The Board of Supervisors in Los Angeles County on Tuesday approved a motion that asks the legislators in California to amend the way grave disability is defined. The request was in a bid to give state authorities more power to treat homeless people who are mentally ill by all means necessary including the use of force. The motion comes at a critical time when there have been reports of increased deaths for the homeless people who reside in Los Angeles County. According to a statistic that was recently released by the coroner’s office in Los Angeles County, over 800 homeless people lost their lives in 2017 alone when compared to 2013 when there were only 458 homeless people who died.

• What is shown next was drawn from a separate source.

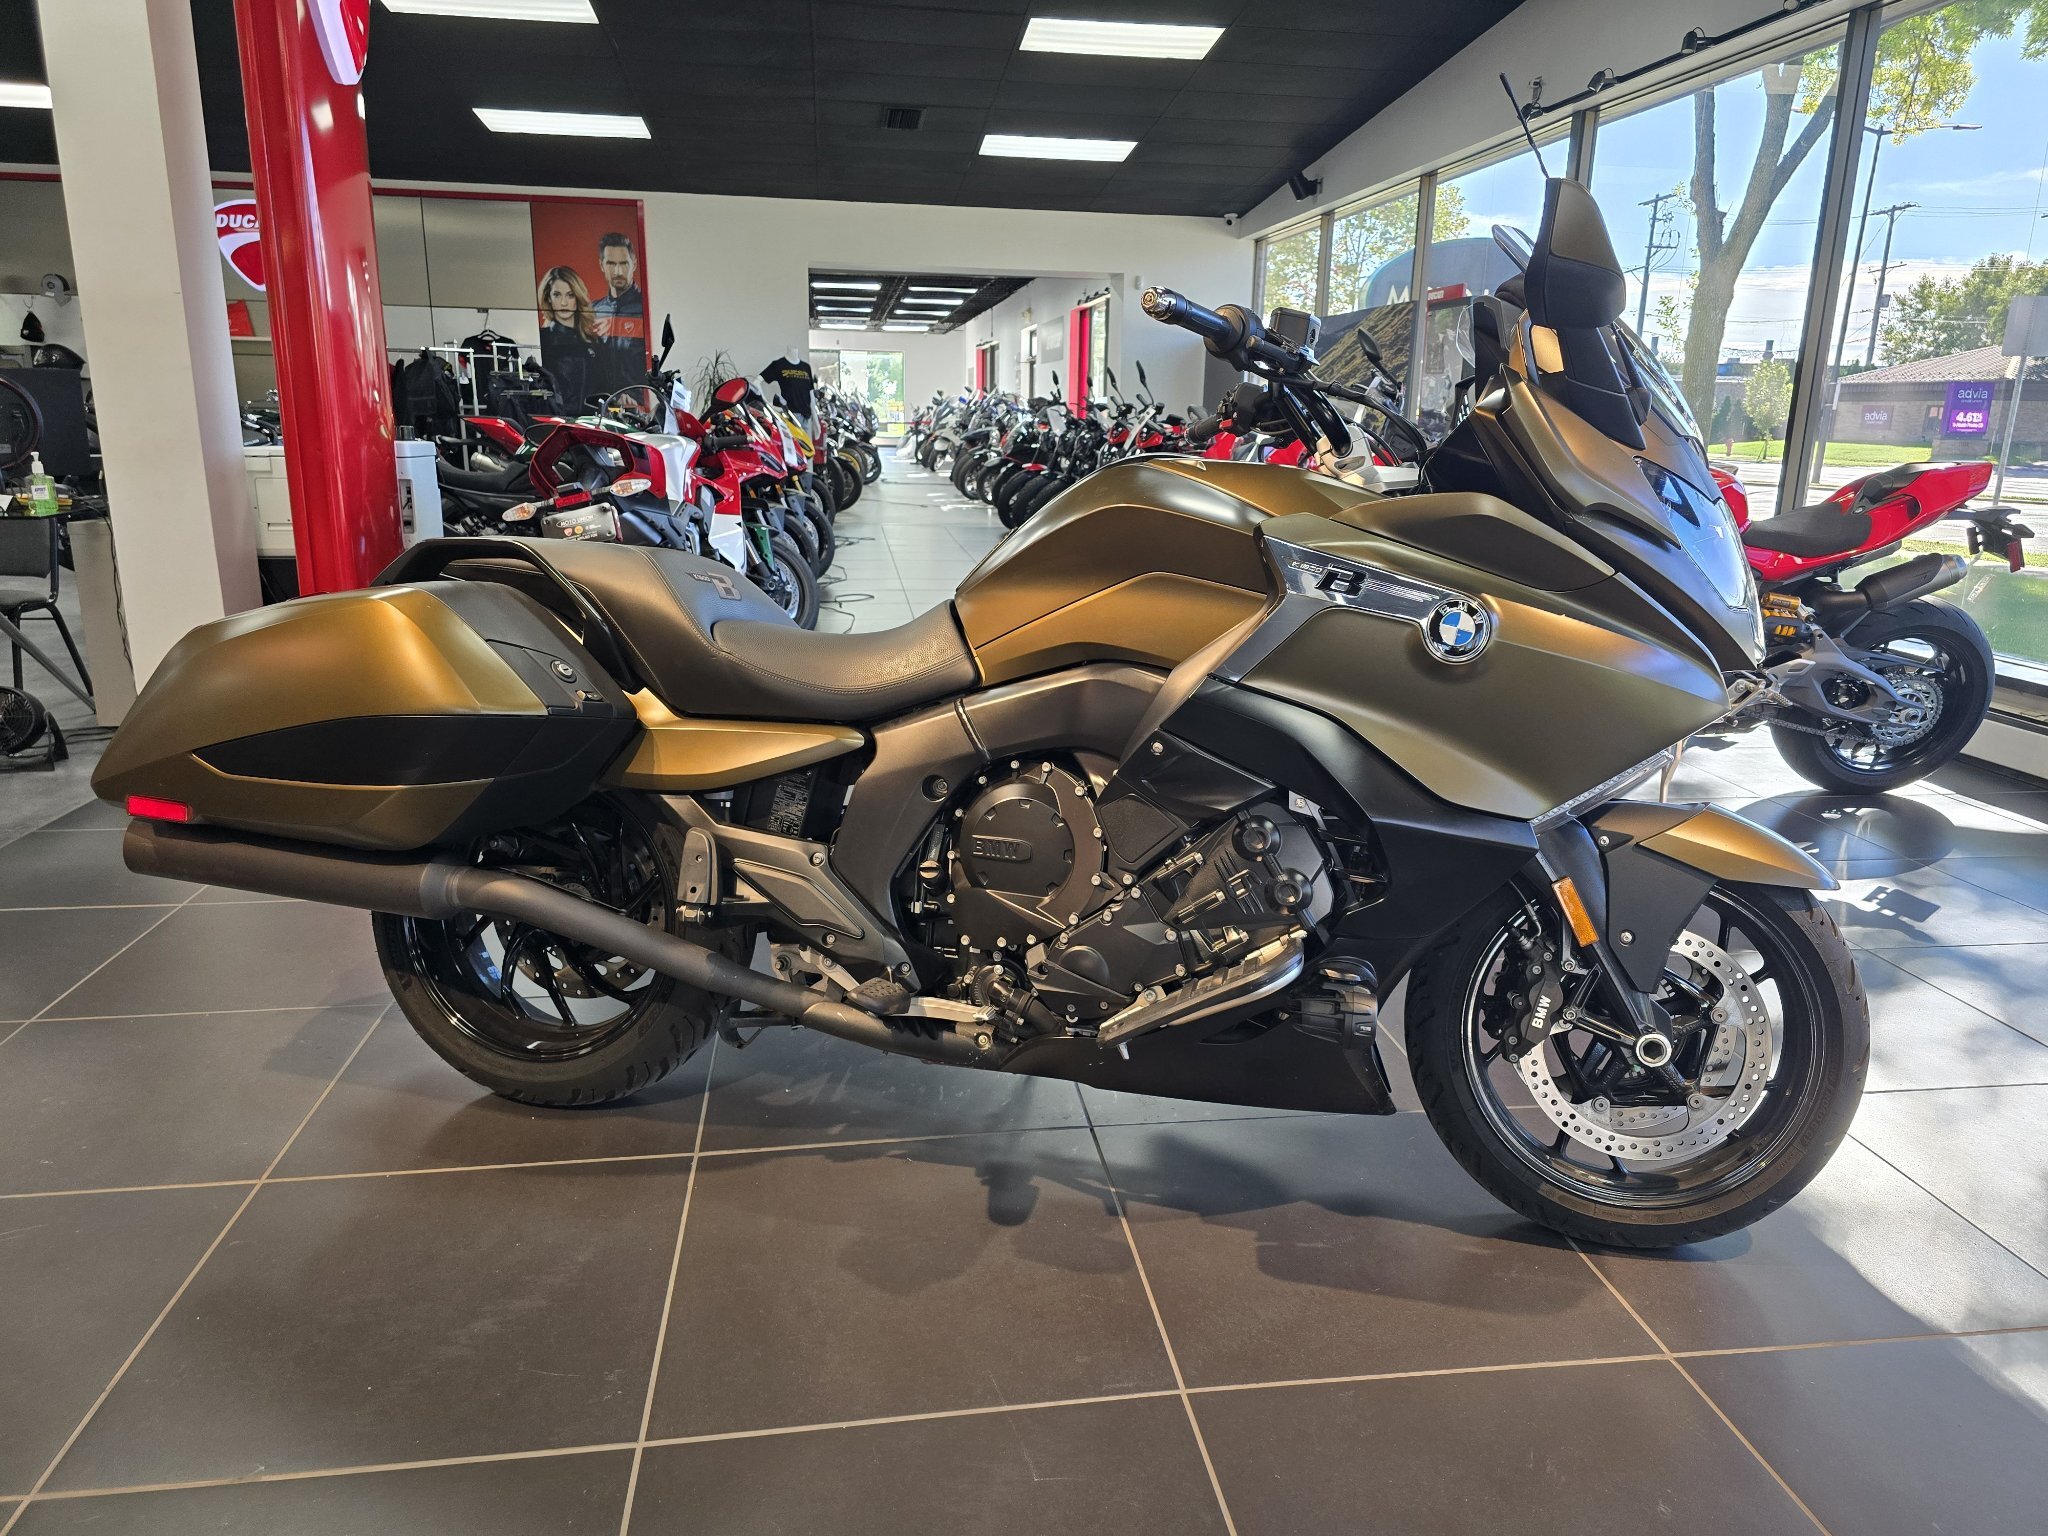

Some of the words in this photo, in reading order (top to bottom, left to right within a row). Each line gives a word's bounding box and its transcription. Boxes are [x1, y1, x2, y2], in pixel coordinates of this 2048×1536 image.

[1957, 388, 1988, 399] advia
[1864, 410, 1888, 421] advia
[973, 840, 1017, 858] BMW
[1531, 994, 1551, 1029] BMW

A report from the Department of Mental health in the County suggested that a significant number of those deaths were caused by medicals conditions which could have been prevented. Under the Lanterman-Petris-Short legislations which were approved back in the year 1967, law enforcement has been permitted to take an individual into custody for mental treatment if psychiatric illnesses prevent them from leading a decent life due to failure to meet their basic needs such as shelter, clothing and food.

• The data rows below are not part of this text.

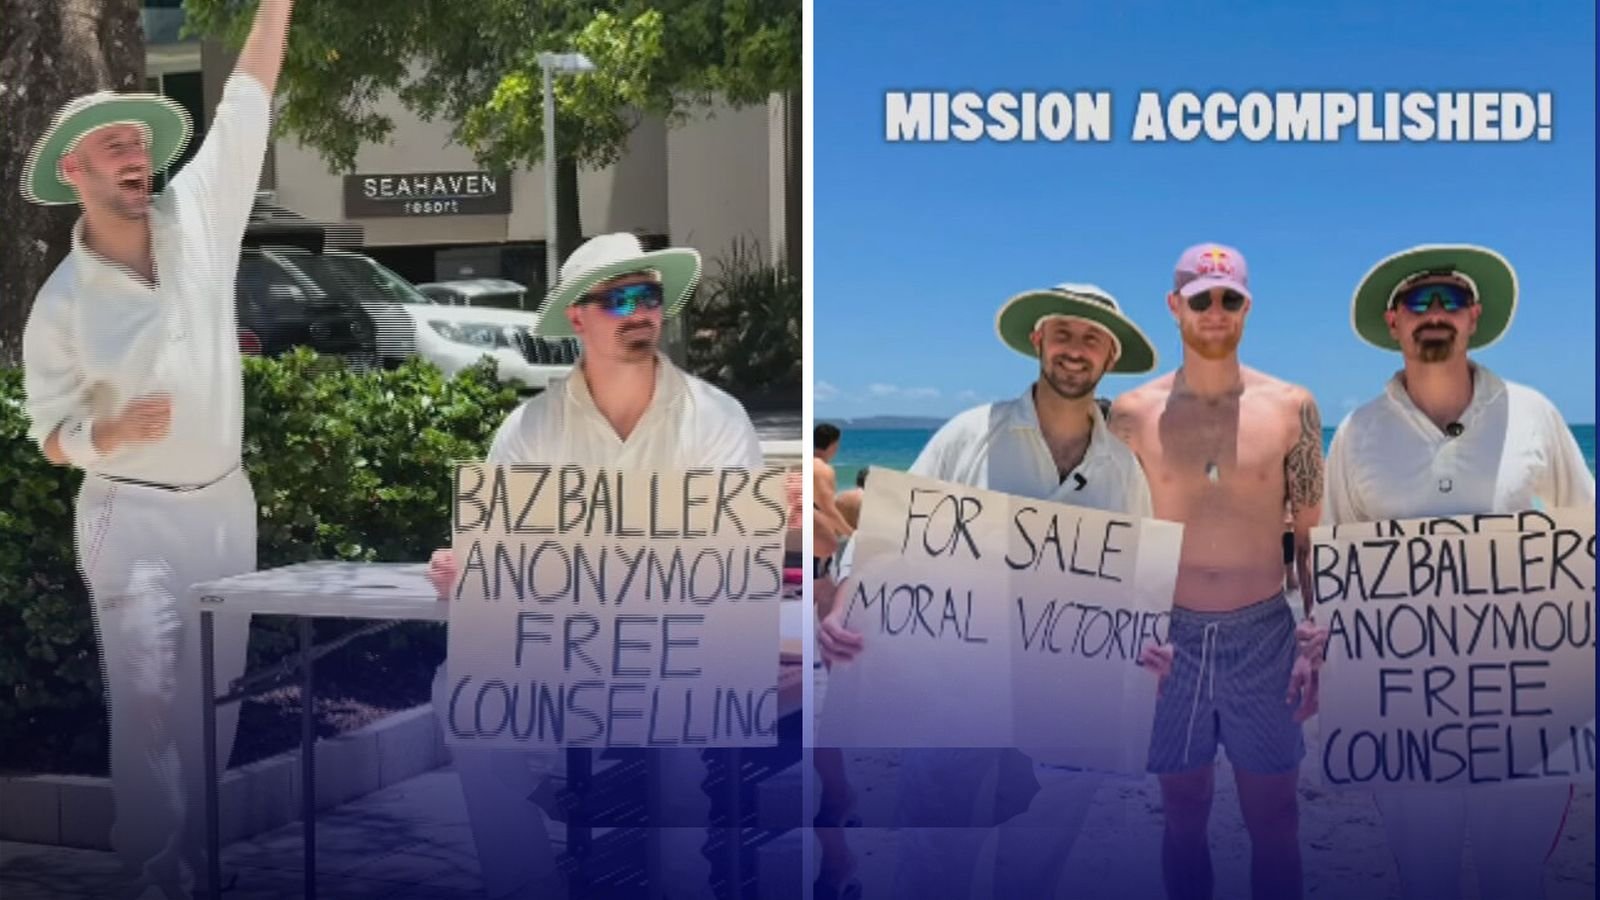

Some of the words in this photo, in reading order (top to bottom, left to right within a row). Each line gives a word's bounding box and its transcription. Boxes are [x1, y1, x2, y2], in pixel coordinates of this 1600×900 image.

[363, 174, 497, 198] SEAHAVEN
[404, 200, 460, 214] resort
[454, 464, 787, 538] BAZBALLERS
[901, 487, 983, 561] FOR
[1004, 506, 1133, 583] SALE
[456, 540, 781, 606] ANONYMOUS
[843, 580, 989, 644] MORAL
[1321, 601, 1596, 662] ANONYMOU
[515, 611, 706, 680] FREE
[449, 675, 778, 748] COUNSELLING
[1379, 660, 1553, 718] FREE

The motion that is set to be deliberated on Tuesday seeks to get California pass a bill that will widen the definition for the gravely disabled to include residents who are not able to seek for medical attention due to their psychiatric condition. Broadening the scope of the severely disabled legislation will enable state officials to put individuals who have mental illnesses on psychiatric holds that are involuntary. Such a situation will only happen if a court of law determines that the individual’s psychiatric condition prevents them from meeting their basic human needs. However, some opponents argue that the involuntary treatment of the mentally ill infringes the inherent right of every citizen to liberty and the pursuit of happiness.